▶ [What needs to be done]
Pictures stay out of the copy, which must hold exactly the lines from the one containing "this 1280×1685 image." through the end of the material below.

▶ [Available records]
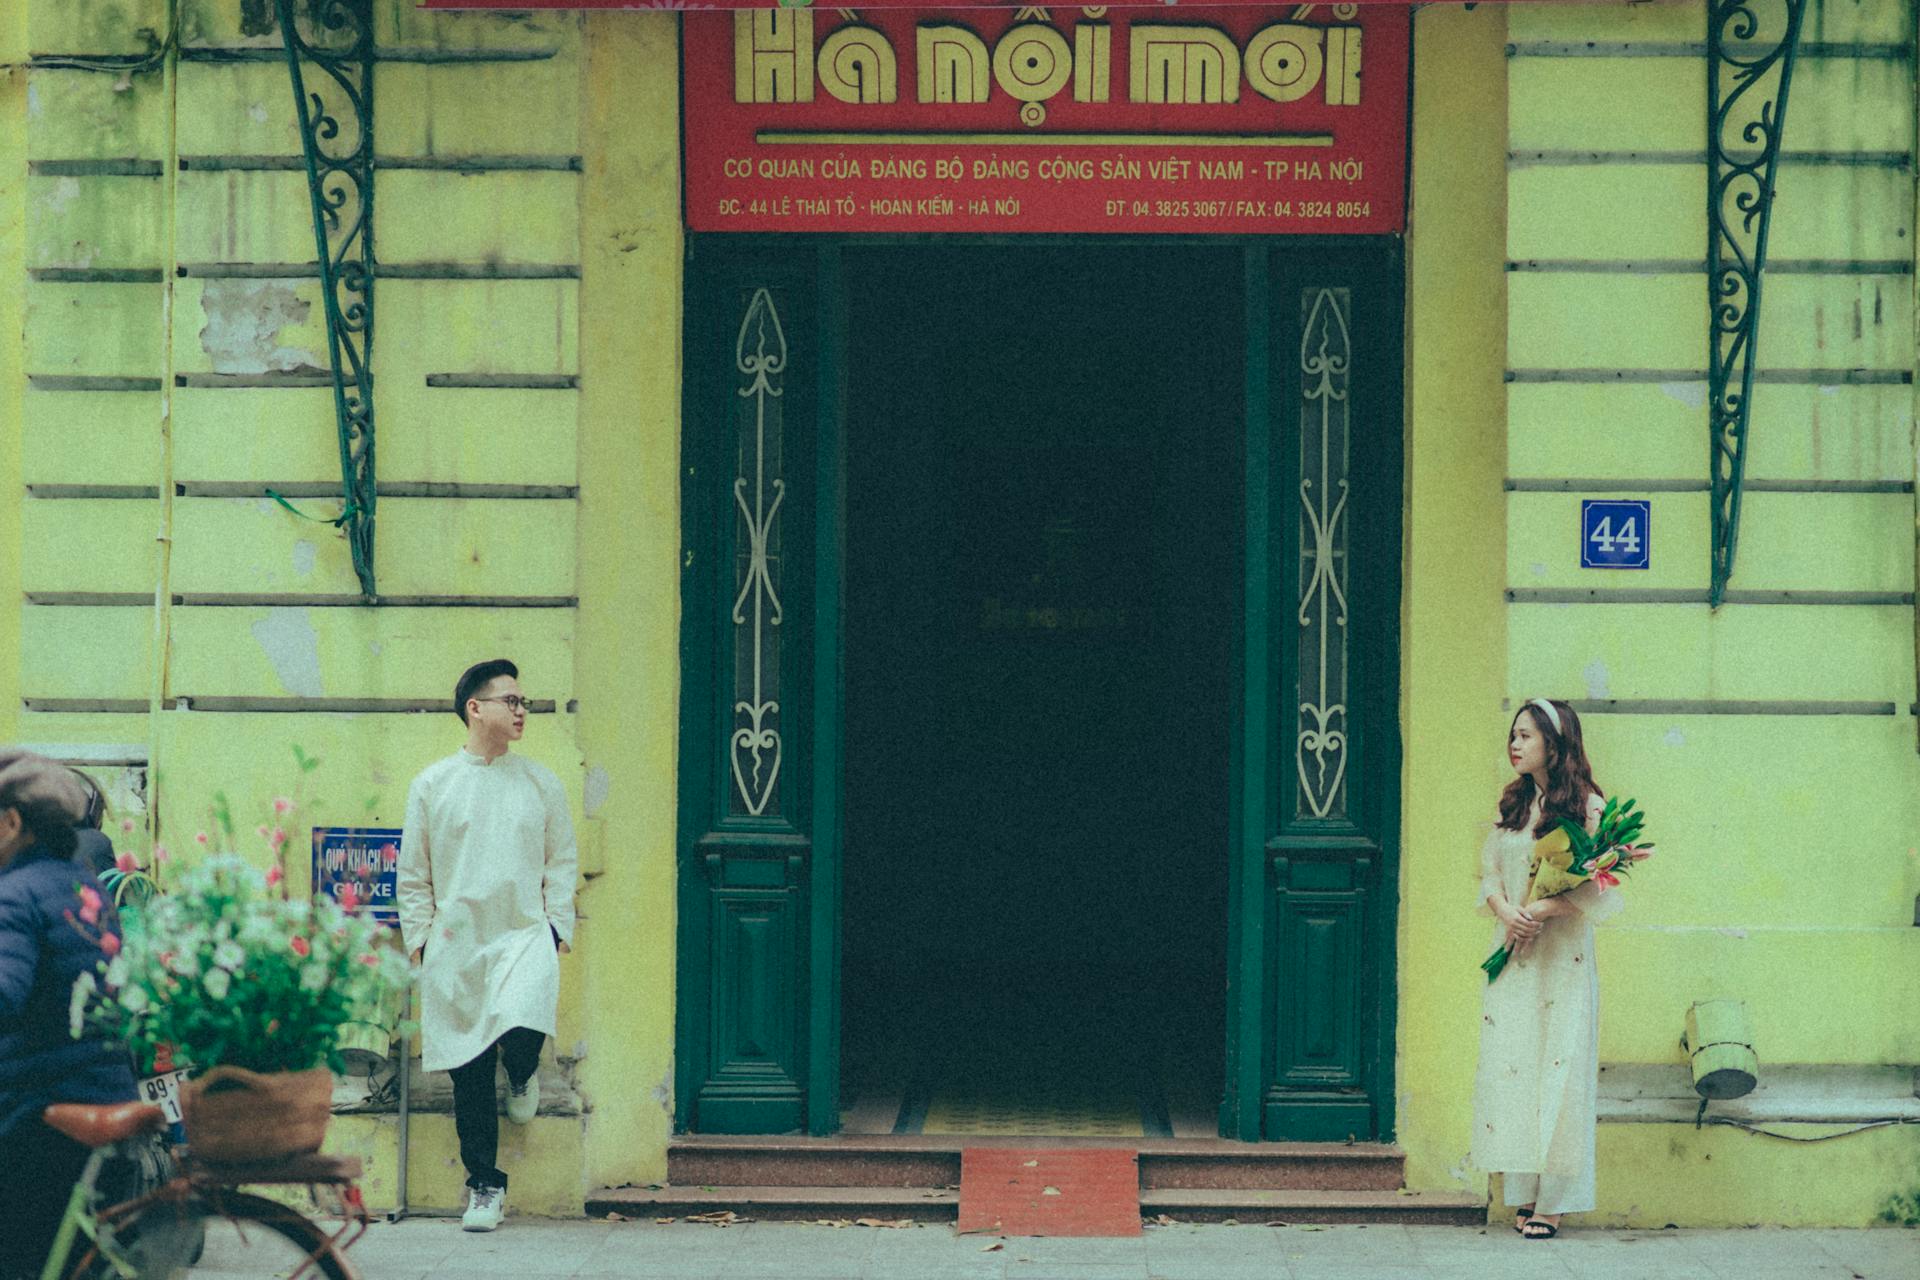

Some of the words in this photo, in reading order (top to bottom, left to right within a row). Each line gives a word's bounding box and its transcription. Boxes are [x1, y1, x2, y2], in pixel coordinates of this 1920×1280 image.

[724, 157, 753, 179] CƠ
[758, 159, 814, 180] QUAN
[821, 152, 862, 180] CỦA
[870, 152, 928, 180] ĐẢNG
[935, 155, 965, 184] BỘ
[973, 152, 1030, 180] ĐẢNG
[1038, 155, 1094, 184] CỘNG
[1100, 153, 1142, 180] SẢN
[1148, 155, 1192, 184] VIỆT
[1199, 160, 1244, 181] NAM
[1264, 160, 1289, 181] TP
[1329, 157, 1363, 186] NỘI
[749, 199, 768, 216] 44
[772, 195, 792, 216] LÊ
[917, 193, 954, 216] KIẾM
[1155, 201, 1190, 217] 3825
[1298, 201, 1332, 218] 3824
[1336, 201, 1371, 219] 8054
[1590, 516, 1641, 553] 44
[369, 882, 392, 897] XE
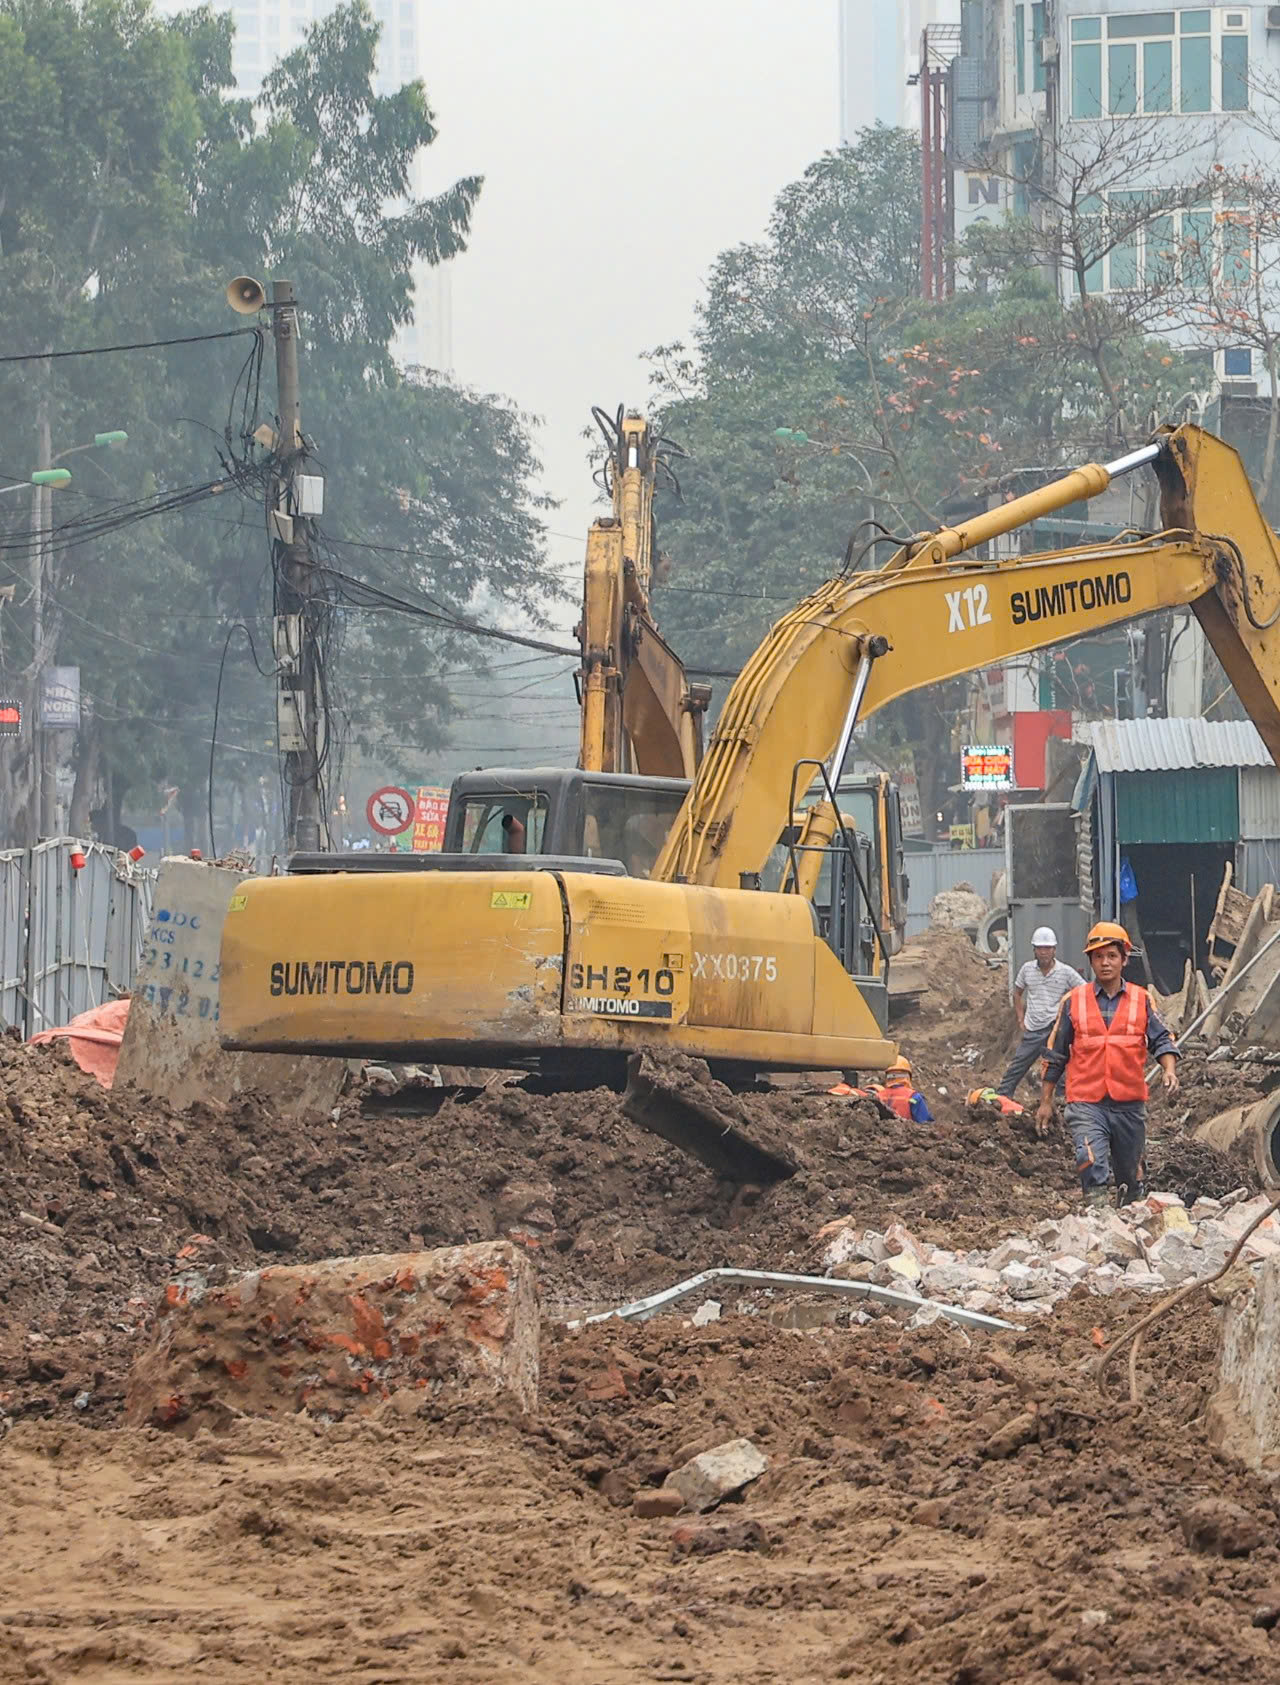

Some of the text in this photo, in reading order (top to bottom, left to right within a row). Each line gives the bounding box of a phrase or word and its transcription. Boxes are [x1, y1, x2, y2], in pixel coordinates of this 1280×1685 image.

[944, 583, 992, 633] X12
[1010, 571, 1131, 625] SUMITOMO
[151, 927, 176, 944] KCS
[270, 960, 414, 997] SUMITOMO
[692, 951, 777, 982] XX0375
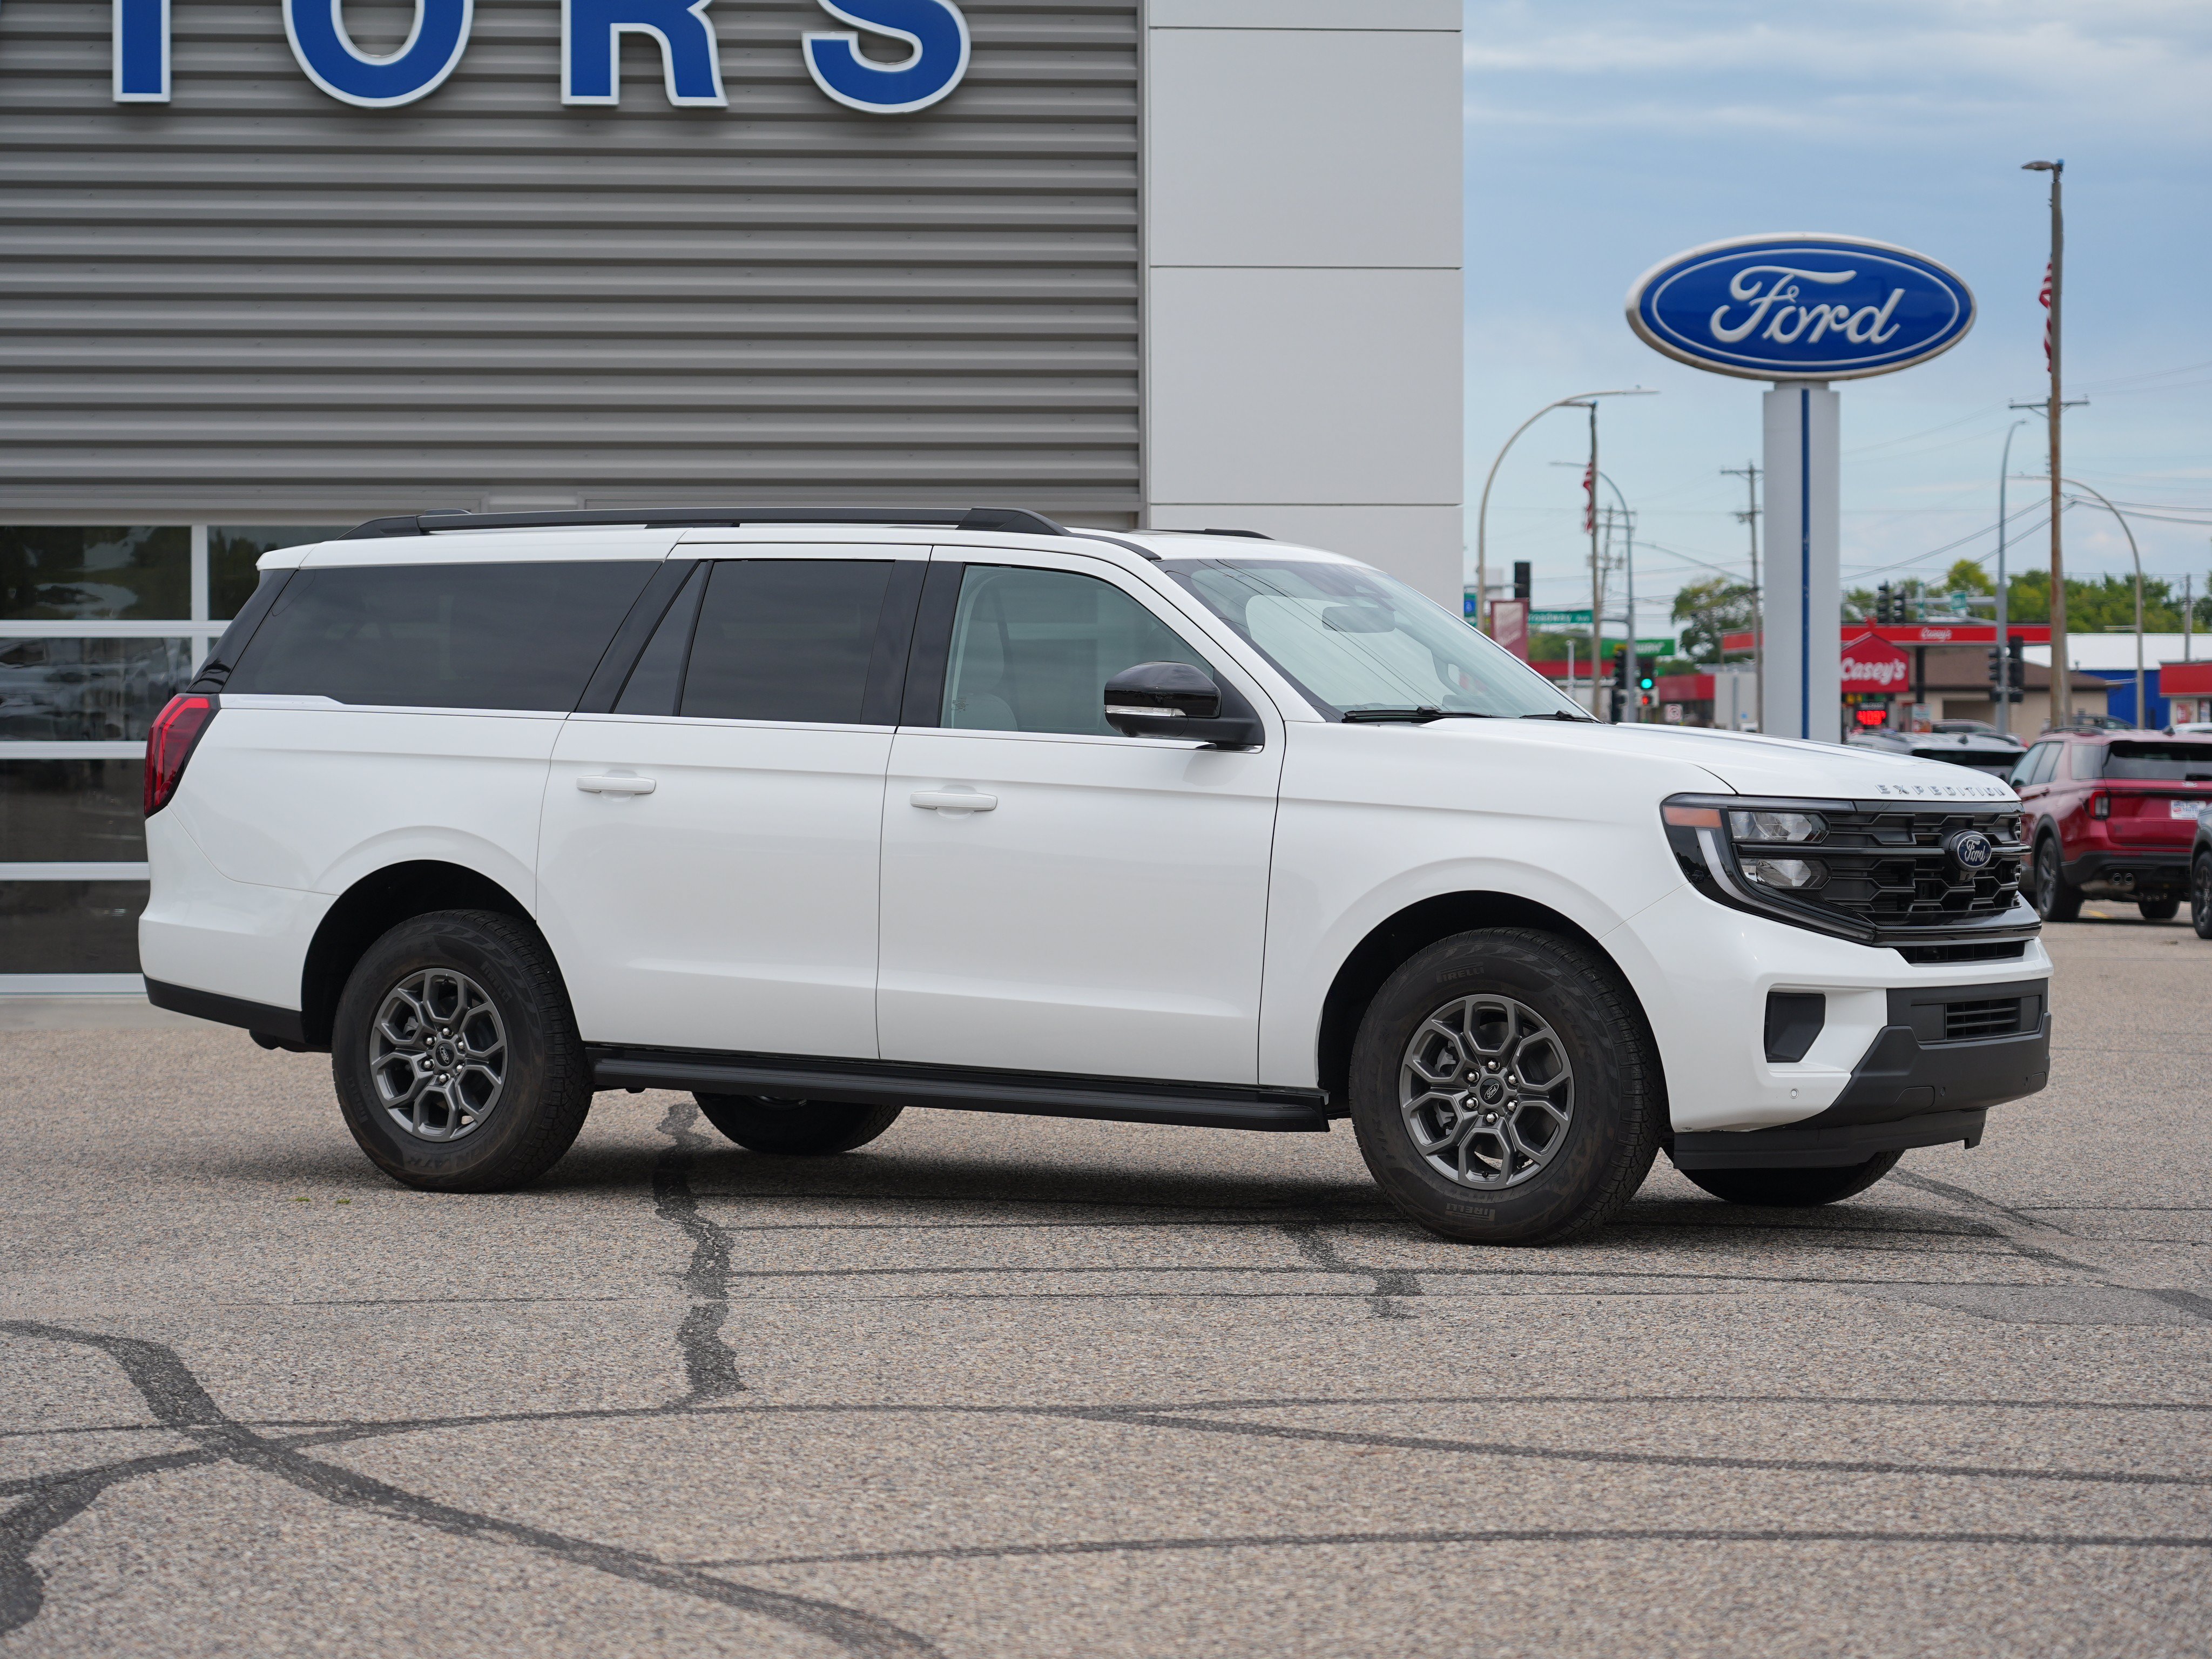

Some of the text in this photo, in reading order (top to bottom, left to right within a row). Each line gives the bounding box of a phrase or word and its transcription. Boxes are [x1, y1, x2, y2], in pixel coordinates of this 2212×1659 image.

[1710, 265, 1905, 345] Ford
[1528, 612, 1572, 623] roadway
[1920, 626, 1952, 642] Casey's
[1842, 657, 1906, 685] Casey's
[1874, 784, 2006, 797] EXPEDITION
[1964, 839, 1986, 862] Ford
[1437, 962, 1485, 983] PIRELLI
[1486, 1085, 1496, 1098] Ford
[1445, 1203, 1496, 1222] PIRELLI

▶ [Answer]
Some of the text in this photo, in reading order (top to bottom, left to right within a row). Each line gives the bounding box of a phrase or word and its transcription. Boxes are [x1, y1, x2, y2], in pixel coordinates of this 1280×1685 image.

[944, 583, 992, 633] X12
[1010, 571, 1131, 625] SUMITOMO
[151, 927, 176, 944] KCS
[270, 960, 414, 997] SUMITOMO
[692, 951, 777, 982] XX0375

Some of the text in this photo, in reading order (top to bottom, left to right within a row). Each line gives the bounding box of a phrase or word and its transcription. Boxes are [x1, y1, x2, y2], in pixel coordinates of this 2212×1659 image.

[1710, 265, 1905, 345] Ford
[1528, 612, 1572, 623] roadway
[1920, 626, 1952, 642] Casey's
[1842, 657, 1906, 685] Casey's
[1874, 784, 2006, 797] EXPEDITION
[1964, 839, 1986, 862] Ford
[1437, 962, 1485, 983] PIRELLI
[1486, 1085, 1496, 1098] Ford
[1445, 1203, 1496, 1222] PIRELLI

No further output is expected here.